CESM in this study gave a sensitivity of 92% and specificity of 85% in characterization of benign and malignant lesions. For postoperative cases, sensitivity was 85% and specificity was 60%. For chemotherapy cases, sensitivity was 85% and specificity was 76%. Contrast uptake was noted in 68% of masses. Cavitary benign lesions were noted in 22.1% of cases. Multifocal and multicentric carcinomas were detected in 39.7% of pathologically proved malignant masses. Statistical analysis revealed sensitivity, specificity, and accuracy of 82.9%, 76.5%, and 81.0% for conventional mammograms as compared to 92.7%, 82.4%, and 89.7% for CESM respectively.
CESM is a promising technique that can enhance the specificity of conventional mammograms. It is an easy, simple, and rapid contrast-based procedure, especially for characterization of lesions in dense breast parenchyma. It performs proper diagnosis for high-risk patients and follow-up response to different lines of management.
Full-field digital mammography (FFDM) is a rapid procedure with high-quality images and higher contrast resolution with improved dynamic range, and rapid processing of data and images as compared to screen-film mammography [1, 2]. Its diagnostic accuracy has been shown to be at least equivalent to film-screen mammography [1, 3]. However, some limitations still exist, mainly in dense breast tissue, fibrocystic disease, and during follow-up after breast-conserving/adjuvant therapy. A new procedure has been developed using contrast media for the detection of angiogenesis by tracing contrast agent uptake and washout in suspicious lesions. Contrast-enhanced spectral mammography (CESM) is one of them [4, 5]. CESM provides data about the degree of vascularization of the lesion in addition to morphological information. According to recent studies, CESM is considered superior to conventional mammography in breast cancer detection with less false negatives especially in dense breasts . A clinical study by Dromain et al.  showed that digital mammography plus CESM had higher sensitivity in the detection of suspicious lesions in dense breasts.

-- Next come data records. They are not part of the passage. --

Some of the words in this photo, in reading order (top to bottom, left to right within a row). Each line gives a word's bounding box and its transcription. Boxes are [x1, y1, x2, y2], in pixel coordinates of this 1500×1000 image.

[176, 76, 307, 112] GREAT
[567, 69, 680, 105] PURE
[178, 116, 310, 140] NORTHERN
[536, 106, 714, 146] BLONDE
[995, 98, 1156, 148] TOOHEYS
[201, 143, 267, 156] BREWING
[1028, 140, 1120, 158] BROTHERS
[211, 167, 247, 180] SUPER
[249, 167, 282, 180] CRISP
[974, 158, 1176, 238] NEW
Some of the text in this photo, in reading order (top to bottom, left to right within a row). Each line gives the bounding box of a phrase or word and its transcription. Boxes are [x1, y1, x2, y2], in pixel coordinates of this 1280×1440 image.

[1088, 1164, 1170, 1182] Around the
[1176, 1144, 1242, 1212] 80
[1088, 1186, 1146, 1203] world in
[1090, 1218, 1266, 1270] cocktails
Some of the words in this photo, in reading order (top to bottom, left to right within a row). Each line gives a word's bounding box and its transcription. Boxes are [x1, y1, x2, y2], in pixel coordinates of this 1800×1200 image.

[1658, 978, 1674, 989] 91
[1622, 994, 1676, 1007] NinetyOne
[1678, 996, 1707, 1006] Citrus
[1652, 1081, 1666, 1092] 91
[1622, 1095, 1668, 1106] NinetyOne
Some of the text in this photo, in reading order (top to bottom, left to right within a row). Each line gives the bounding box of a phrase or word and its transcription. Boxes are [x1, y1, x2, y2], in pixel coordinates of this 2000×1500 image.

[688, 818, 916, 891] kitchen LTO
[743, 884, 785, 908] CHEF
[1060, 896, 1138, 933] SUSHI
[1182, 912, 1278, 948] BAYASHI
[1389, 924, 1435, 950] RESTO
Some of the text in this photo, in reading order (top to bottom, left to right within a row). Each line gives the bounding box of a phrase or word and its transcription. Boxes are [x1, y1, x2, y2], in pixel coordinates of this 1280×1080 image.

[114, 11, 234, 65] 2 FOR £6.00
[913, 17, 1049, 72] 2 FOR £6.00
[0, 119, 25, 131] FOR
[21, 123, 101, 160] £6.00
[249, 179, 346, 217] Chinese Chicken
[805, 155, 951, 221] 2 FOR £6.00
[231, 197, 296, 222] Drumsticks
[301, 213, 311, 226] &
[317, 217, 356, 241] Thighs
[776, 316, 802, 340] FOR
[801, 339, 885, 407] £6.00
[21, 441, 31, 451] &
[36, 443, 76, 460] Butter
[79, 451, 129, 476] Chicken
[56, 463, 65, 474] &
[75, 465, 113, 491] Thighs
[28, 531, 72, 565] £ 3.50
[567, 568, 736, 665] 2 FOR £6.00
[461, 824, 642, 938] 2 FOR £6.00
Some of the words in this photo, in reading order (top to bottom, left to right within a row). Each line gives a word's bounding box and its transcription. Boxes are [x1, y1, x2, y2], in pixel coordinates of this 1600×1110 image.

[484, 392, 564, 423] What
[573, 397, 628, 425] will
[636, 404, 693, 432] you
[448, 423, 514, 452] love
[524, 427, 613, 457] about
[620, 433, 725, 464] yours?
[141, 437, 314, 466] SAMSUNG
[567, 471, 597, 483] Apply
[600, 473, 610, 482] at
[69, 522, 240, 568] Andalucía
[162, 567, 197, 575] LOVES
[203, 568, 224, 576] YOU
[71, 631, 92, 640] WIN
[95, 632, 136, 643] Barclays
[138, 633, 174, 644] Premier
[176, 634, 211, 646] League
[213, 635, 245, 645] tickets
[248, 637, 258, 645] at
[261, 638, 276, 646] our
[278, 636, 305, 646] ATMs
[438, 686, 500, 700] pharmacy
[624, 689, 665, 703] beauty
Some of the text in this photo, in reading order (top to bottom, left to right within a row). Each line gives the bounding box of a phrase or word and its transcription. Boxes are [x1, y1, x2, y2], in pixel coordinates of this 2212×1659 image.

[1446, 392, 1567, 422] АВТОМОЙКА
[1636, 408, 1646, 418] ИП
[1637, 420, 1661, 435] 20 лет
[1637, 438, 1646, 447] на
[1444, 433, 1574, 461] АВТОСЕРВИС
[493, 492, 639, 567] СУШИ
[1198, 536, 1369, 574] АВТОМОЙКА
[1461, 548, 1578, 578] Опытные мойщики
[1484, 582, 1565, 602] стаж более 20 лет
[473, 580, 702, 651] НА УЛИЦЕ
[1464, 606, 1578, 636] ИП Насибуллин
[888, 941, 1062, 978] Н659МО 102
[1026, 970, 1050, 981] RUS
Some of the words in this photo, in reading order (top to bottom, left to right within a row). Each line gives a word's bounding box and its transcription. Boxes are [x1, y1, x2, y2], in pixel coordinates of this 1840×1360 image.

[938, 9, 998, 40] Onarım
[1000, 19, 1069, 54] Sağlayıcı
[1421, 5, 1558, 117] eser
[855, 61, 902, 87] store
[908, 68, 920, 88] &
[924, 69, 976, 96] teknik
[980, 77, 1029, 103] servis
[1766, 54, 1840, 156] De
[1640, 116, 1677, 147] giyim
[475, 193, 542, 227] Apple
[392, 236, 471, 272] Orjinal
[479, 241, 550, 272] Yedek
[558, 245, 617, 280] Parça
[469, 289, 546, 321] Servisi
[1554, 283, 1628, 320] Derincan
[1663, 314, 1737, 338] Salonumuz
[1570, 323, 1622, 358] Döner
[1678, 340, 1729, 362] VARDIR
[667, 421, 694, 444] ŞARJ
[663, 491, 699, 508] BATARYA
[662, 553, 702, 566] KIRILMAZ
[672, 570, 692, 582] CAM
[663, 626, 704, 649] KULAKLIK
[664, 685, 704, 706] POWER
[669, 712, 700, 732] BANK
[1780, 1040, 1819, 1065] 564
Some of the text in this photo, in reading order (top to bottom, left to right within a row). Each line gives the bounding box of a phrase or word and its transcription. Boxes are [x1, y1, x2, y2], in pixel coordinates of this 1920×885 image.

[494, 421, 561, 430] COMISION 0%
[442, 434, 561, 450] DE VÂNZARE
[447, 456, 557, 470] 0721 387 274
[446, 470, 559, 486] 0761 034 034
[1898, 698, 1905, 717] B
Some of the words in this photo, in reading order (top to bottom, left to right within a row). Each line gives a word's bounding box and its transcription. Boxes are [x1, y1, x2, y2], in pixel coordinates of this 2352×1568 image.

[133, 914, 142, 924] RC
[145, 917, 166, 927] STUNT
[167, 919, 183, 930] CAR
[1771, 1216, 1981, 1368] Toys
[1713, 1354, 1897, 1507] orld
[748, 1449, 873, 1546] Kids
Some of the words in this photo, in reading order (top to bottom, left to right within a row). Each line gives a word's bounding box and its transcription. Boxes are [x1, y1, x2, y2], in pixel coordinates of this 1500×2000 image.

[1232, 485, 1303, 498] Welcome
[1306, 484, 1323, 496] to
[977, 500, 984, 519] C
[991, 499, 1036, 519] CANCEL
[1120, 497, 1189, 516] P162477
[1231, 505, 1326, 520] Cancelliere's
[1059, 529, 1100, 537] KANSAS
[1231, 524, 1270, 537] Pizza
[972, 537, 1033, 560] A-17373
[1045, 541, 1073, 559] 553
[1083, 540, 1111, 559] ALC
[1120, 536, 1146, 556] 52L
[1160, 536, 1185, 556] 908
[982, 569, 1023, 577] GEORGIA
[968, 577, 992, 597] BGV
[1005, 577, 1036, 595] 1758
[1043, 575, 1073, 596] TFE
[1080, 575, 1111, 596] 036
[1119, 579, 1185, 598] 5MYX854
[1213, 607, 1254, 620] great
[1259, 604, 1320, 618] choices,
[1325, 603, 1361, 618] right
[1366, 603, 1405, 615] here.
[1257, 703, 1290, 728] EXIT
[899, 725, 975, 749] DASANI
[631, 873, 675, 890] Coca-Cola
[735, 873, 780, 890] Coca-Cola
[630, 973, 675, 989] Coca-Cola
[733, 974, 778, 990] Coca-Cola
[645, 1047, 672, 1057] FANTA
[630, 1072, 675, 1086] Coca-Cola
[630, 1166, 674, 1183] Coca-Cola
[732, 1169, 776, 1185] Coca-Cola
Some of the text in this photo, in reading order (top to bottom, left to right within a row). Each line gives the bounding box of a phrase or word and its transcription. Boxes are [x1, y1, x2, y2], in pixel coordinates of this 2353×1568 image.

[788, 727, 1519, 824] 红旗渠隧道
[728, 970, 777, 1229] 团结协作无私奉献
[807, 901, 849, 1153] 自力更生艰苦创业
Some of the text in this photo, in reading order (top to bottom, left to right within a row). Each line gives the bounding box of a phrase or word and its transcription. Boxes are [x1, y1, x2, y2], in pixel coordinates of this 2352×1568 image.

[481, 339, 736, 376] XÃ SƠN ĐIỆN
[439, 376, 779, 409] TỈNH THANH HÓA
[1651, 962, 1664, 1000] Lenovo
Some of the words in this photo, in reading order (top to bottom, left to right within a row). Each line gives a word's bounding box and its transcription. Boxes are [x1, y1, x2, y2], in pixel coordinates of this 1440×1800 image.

Contrast-enhanced breast MRI is currently considered the most sensitive imaging technique for the detection of breast carcinoma and hence, has many indications in diagnosis, treatment and follow-up of breast cancer cases . However, MRI has limited specificity, widely available, expensive, and not suitable for claustrophobic patients.
In August 2017, our Pristina Senograhe FFDM and tomosynthesis machine was installed in the outpatient clinic in our institutional hospitals.
In April 2018, we started using CESM.
From August 2018 to date, we did 123 cases with over 80 cases of biopsy-proven malignancy. In most of the cases, US-guided biopsy was taken on the same day and place where the study took place.
The aim of this work was to share our experience during the first year of using the CESM technique and discuss and illustrate its potential clinical applications.
The machine was first installed in August 2017 at our breast radiology outpatient clinic, which serves about 1000 patients per year, with mostly diagnostic imaging services. The machine installed was a GE Senographe Pristina mammography system, the first to be installed in Egypt and the whole of Africa. Our practice during the first year of the use of dual-energy contrast-enhanced spectral mammography spanning from April 2018 to March 2019 was assessed.
This study was approved by the local institutional review board. Objectives and methodology were clearly explained to the patients, written informed consent was provided to all participating patients.
Our challenge, like most practices, is providing value-based care. We began using CESM in April 2018. Since then, we have used CESM in a variety of clinical applications that would have been evaluated with MRI. From April 2018 to March 2019, we enrolled 123 patients aged 27–72 years (mean 44.95 years).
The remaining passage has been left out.